CU Today reported the merger had been approved.   But neither credit union gave the details of the vote-which is unusual in a contested election.  A later story said a member wanted to continue to oppose the combination.  One has the feeling there is another shoe to drop here—or will this straw just be one more addition to the CAMELS load at VyStar.

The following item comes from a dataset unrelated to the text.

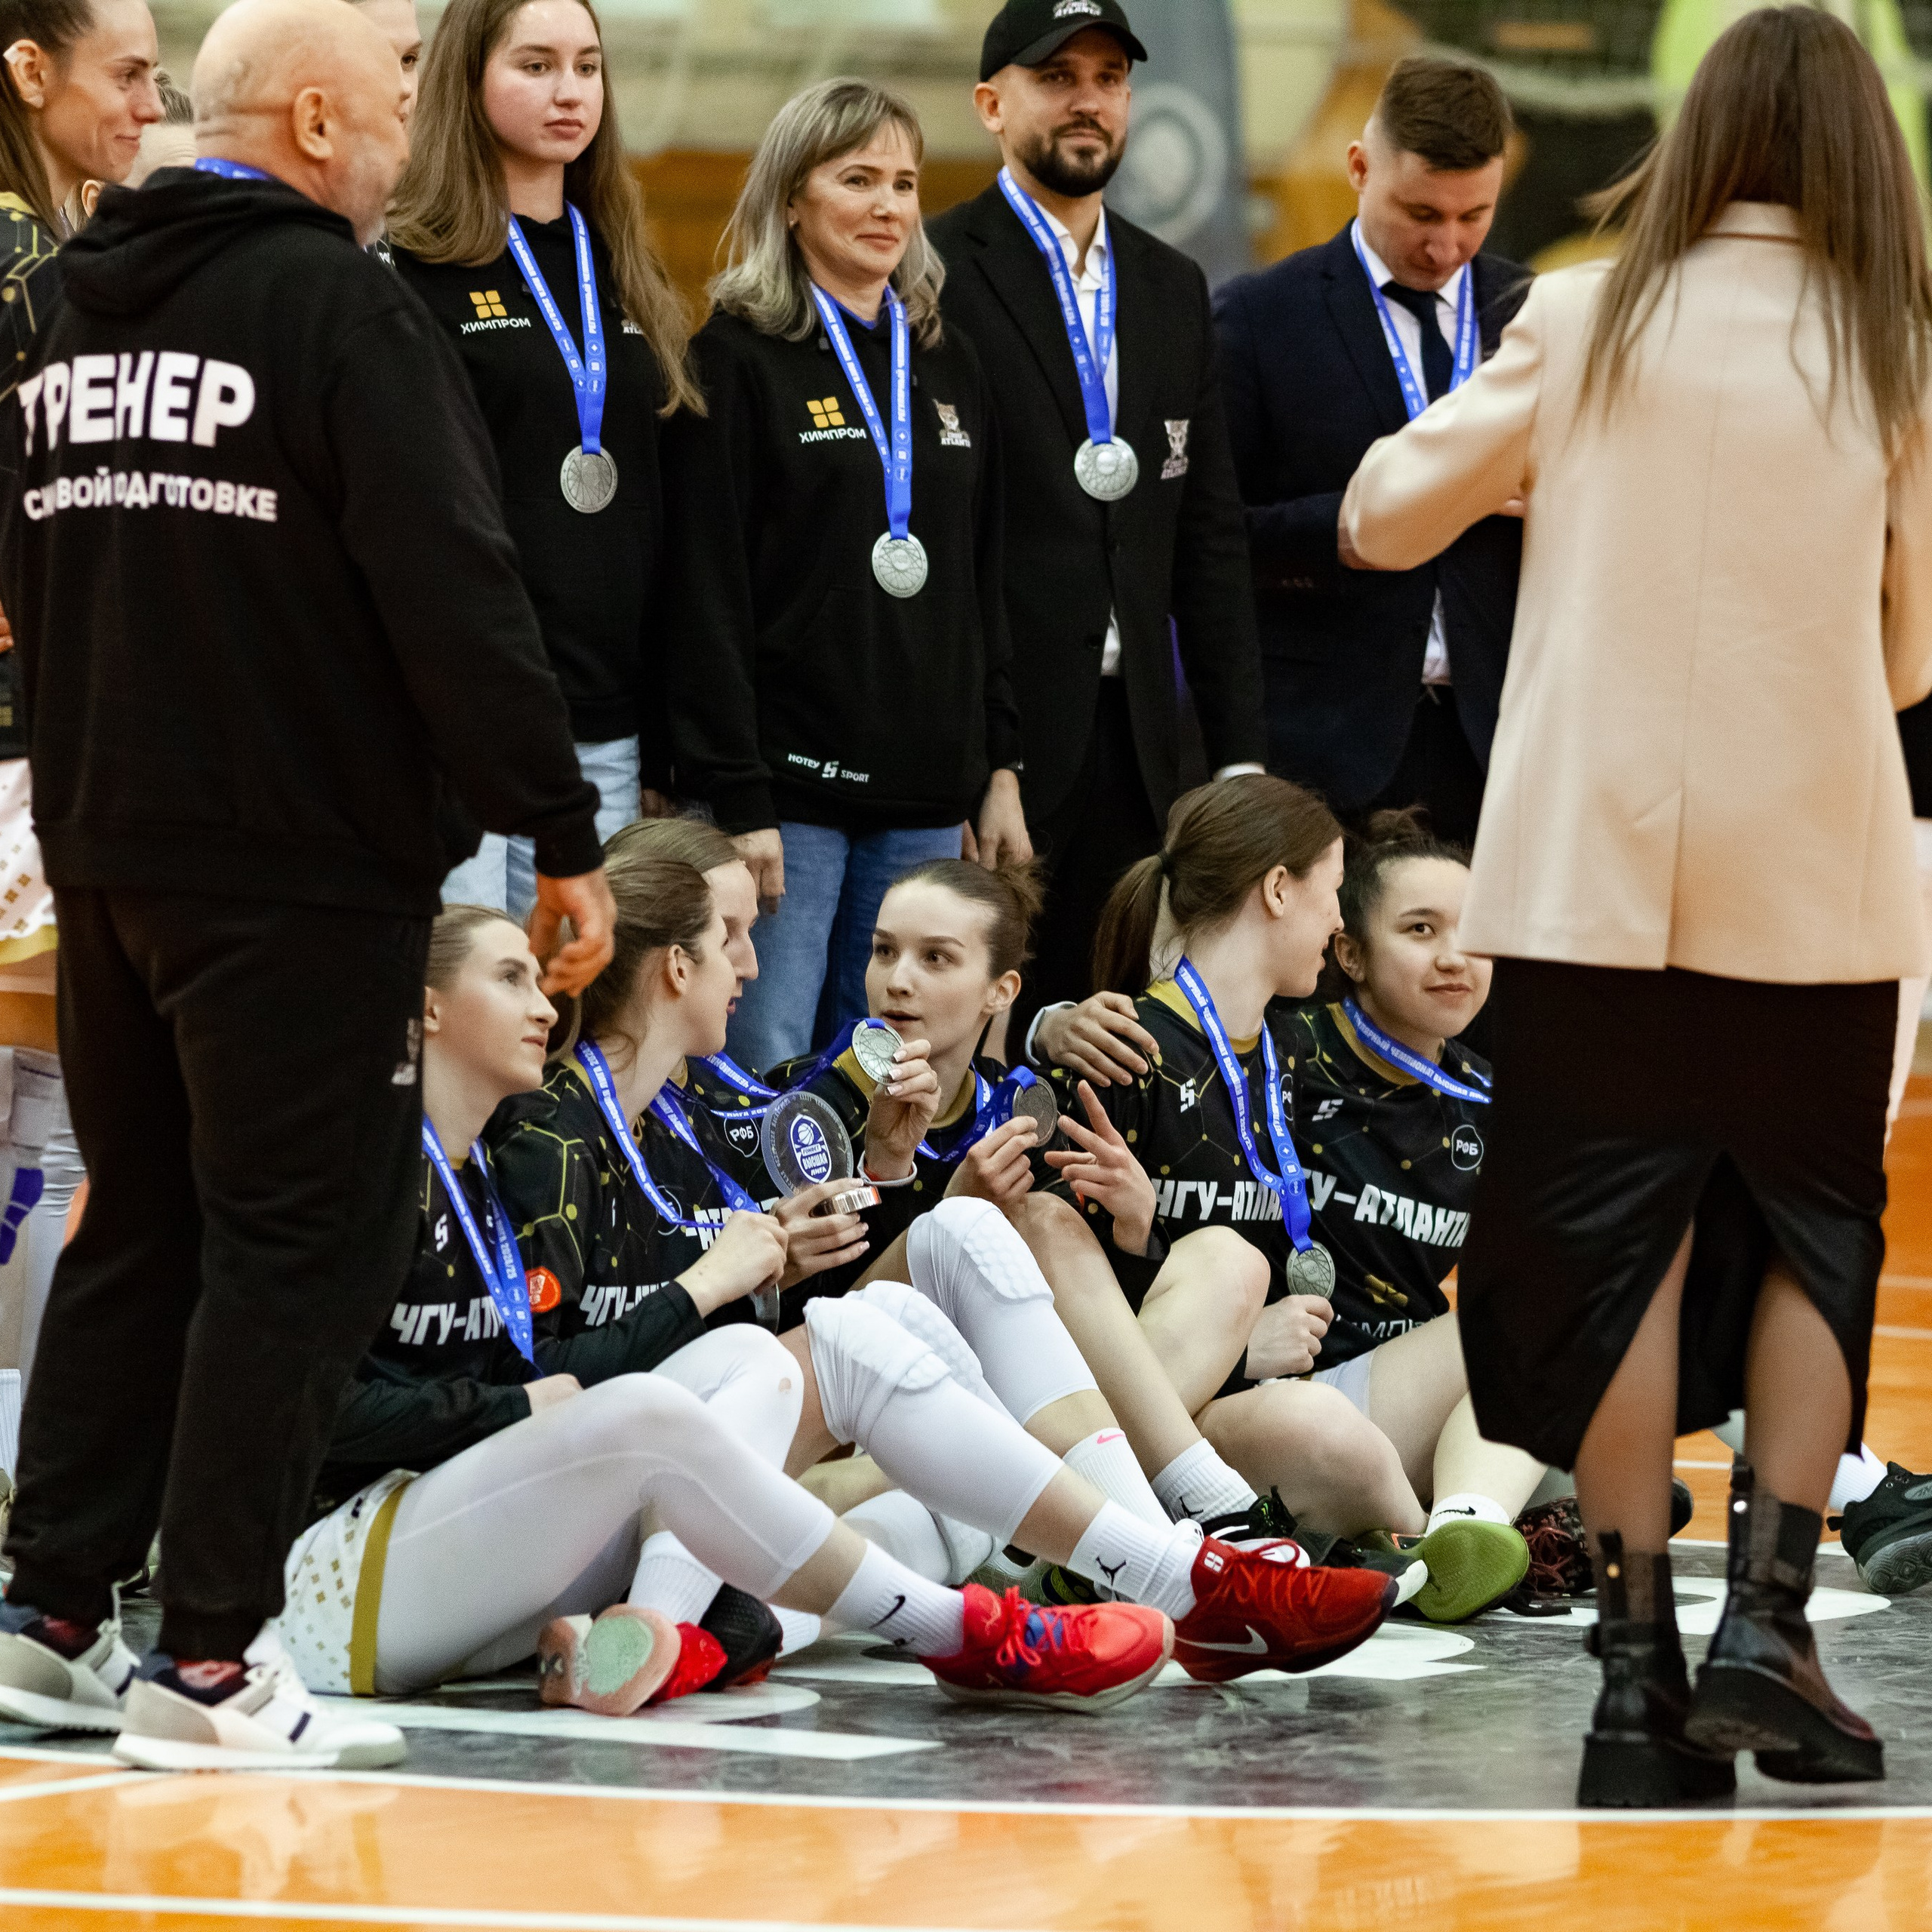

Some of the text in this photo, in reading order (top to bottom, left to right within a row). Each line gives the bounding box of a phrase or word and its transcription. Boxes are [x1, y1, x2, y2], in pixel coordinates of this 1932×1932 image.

End note: The Payoffs to 121 Financial’s Four Senior Managers and an Executive Assistant

As first reported in November 2023 by CU Today the following are the disclosures of reported  benefits:

More Than $900,000 Being Paid in Bonuses, Plus Additional Funds in SERPs, Being Paid Out to 5 Executives

A credit union that is paying more than $900,000 in merger-related compensation to five top execs—plus undisclosed amounts in SERPS—is saying it was “very important to highlight that the board of directors conducted a thorough evaluation of multiple credit  unions lasting more than a year before selecting VyStar as the ideal merger partner,” 121 Financial told members.

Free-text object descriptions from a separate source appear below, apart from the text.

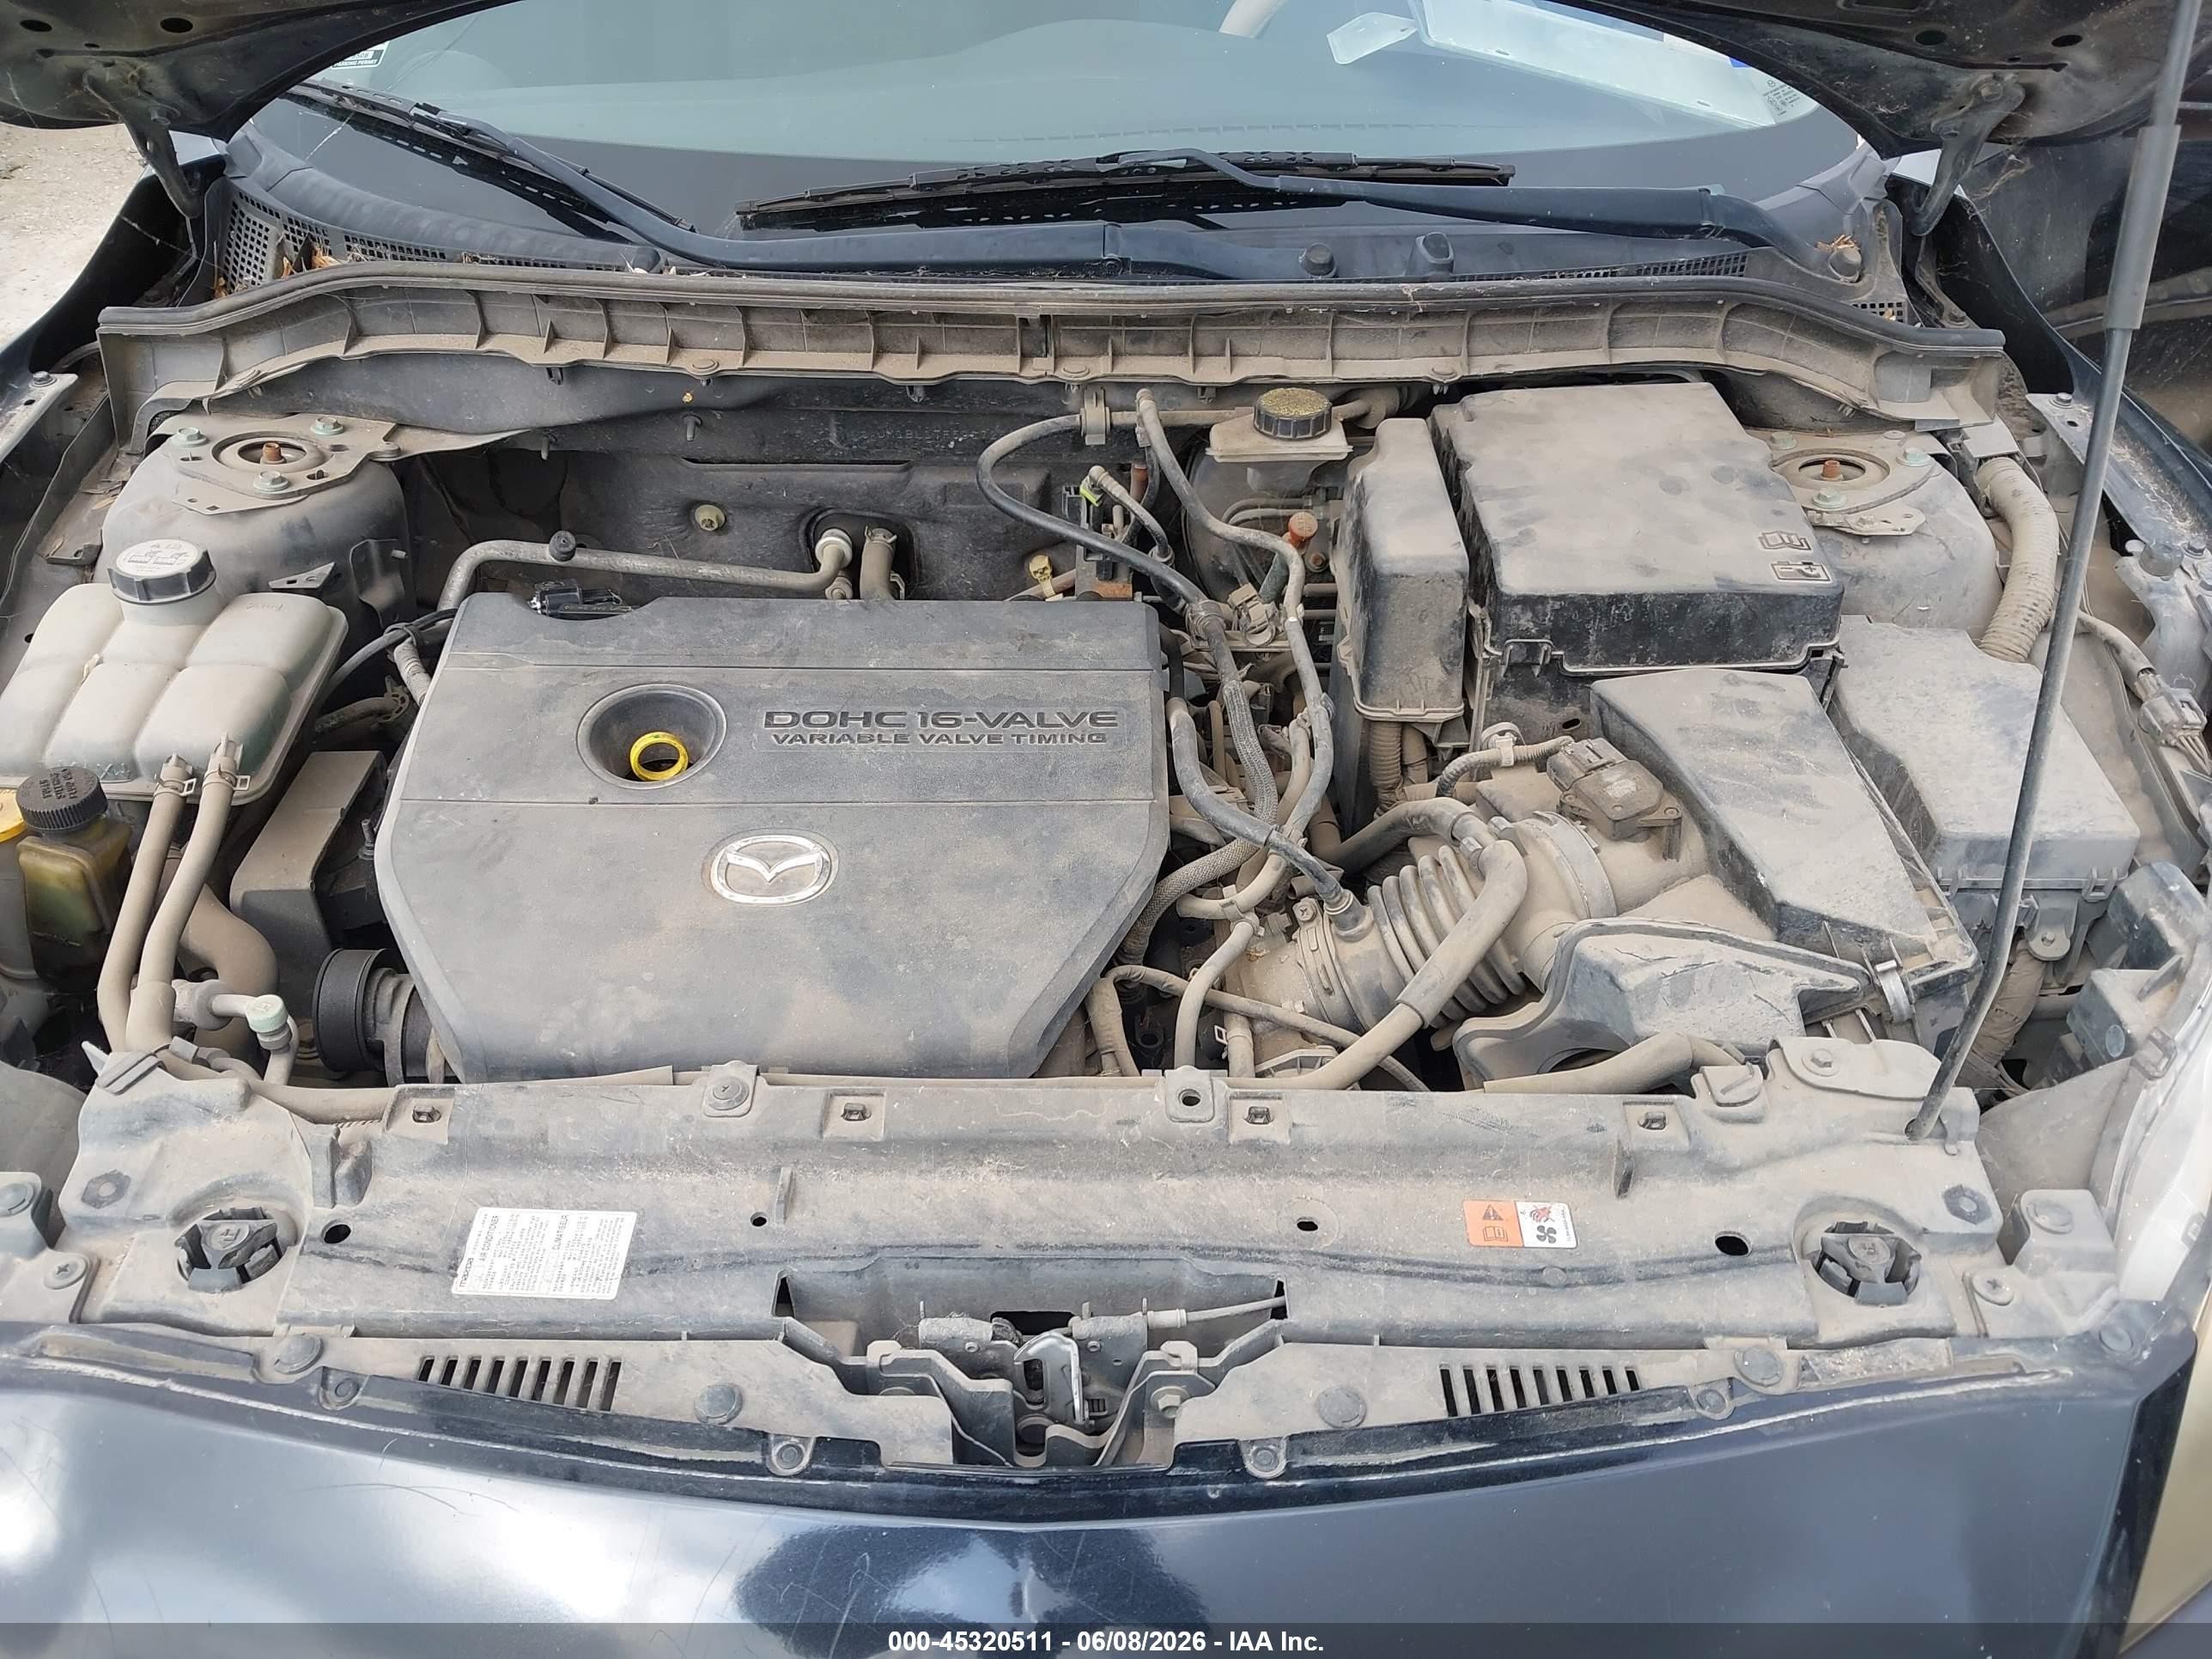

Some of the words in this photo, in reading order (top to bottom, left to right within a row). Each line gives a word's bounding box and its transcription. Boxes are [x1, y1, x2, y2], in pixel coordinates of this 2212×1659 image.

[763, 711, 908, 728] DOHC
[917, 711, 1118, 728] 16-VALVE
[773, 733, 910, 745] VARIABLE
[920, 733, 1003, 745] VALVE
[1012, 733, 1107, 744] TIMING
[481, 1215, 500, 1250] CONDITIONER
[459, 1258, 473, 1287] mazda

The $709-million credit union told members the merger will provide enhanced services, meet the evolving needs of members and employees, and make a “profound positive impact on its communities.”

It did not identify what those enhanced services would be. . .

In addition, . . .said the merger will further its mission to “Do Good,” 121 Financial added.

Payout to Senior Executives

The merger related compensation each 121 Financial executive will receive is shown in part below:

  • CEO David Marovich, who will continue for five years as SVP-Northeast Community President, with a salary increase of $15,000, two retention bonuses of $122,500 each at six and 12 months after the merger; and who will receive a supplemental executive retirement plan that will pay him 40% of his annual salary of year five upon retirement in year six for a period of five years.
  • COO Paul Blackstone, who will continue on for five years and be named SVP-special projects with a salary increase of $95,000, two retention bonuses of $126,250 to be paid six and 12 months after the merger; and the establishment of a SERP that will pay him 35% of his annual salary of year five upon retirement in year six for a period of five years.
  • CFO Cyndi Koan, who will continue on for three years as SVP-financial special projects and who will be paid retention bonuses of $35,000 six and 12 months after the merger closes.
  • SVP-Lending Cathy Hufstetler, who will retire and receive a year’s severance of $273,000, and retention bonuses of $28,000 at six and 12 months after the merger closes.
  • Executive Assistant Nichole LeBlanc, who will continue on for five years as senior executive assistant with a salary increase of $5,000 and with retention bonuses of $9,500 at six and 12 months after the merger.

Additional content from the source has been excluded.